Friday, November 07, 2003

Friday Five

Gord asks:

"To your mind, which five other innovations in history are those which were basically inevitable? Which events do you think were simply bound to happen, and if they'd not happened as they did in our history, would eventually have happened elsewhere or elsewhen, even in the face of something like one of the major world civilizations (along with its technical contributions to the long and intercultural ferment of the development of technologies) having been completely wiped out?"

It would be easier for me to list the things that I think would not have happened, but here are five "would have happened anyway" ideas that I find intriguing:

1. Nuclear weapons. No matter who invented them, humanity was going to create these. It's like kids that try to "outbid" each other until one finally breaks down and says "infinity."

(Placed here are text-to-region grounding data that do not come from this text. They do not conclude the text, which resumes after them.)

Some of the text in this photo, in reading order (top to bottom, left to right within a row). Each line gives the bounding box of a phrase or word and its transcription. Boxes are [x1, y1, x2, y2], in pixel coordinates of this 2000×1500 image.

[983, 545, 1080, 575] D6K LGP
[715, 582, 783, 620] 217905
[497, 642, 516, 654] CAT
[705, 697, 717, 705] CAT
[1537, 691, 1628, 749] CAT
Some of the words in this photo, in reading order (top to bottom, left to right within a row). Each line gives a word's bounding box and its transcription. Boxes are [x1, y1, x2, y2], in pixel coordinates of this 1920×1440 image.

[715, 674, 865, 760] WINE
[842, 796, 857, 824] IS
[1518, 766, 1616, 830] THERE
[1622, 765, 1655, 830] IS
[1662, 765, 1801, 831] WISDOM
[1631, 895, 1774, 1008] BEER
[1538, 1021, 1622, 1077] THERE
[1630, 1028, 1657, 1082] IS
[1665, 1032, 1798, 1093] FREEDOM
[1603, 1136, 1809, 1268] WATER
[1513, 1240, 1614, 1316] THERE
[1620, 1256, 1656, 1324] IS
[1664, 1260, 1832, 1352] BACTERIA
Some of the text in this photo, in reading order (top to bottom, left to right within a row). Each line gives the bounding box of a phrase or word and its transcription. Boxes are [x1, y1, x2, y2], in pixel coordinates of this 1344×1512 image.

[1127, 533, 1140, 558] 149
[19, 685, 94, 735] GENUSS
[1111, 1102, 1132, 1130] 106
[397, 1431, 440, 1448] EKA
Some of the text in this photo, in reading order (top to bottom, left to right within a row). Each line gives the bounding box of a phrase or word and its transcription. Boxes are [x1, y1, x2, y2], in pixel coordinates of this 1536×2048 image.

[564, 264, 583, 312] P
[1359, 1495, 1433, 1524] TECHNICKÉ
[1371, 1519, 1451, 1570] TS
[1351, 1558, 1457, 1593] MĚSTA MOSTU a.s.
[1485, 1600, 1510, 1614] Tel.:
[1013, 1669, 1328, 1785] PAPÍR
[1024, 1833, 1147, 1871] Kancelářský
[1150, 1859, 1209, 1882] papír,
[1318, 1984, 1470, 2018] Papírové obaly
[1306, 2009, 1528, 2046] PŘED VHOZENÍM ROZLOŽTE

2. The Internet. The Internet seems positively inevitable to me as an outcropping of the human desire to get information instantly. Ironically, I was reading today that bin Laden probably communicates using handwritten messages conveyed by personal messengers, because he knows that any use of technology could pinpoint him.

3. God. I think that anyone who looks at the natural world will deduce the existence of God. And I think that anyone who contemplates humanity's role in nature will deduce the Fall -- both our God-like nature and the evil that hampers it.

4. The domesticated dog. People will always need companions that aren't human, because humans will always have issues with other humans.

5. The merkin.

Other F5 participants are: Melissa, Adam, Merideth, Will, Chris, Gina, Dave, Craig, Gord, Adrienne, Nanette, Marvin, Rob, Laura and Jon, and it seems like we're adding more and more people whom I have never met. Excellent!

 5:30 PM
He's a flat caricature of a human being, and he's in the Oval Office.

And that guy he's with is Flat Stanley.

 8:54 AM

Tuesday, November 04, 2003

Don't Bother To Vote

It's Election Day today, but it doesn't matter. It's not even an important election -- it's an "off" year, so you won't be voting for President. You would just be choosing the people that make your city run. You know, educate your kids, pick up your garbage, police your streets, build your highways. Boring stuff.

So don't bother to vote.

This message brought to you by Informed Voters Who Don't Want Their Precious Vote Diluted By The Apathetic.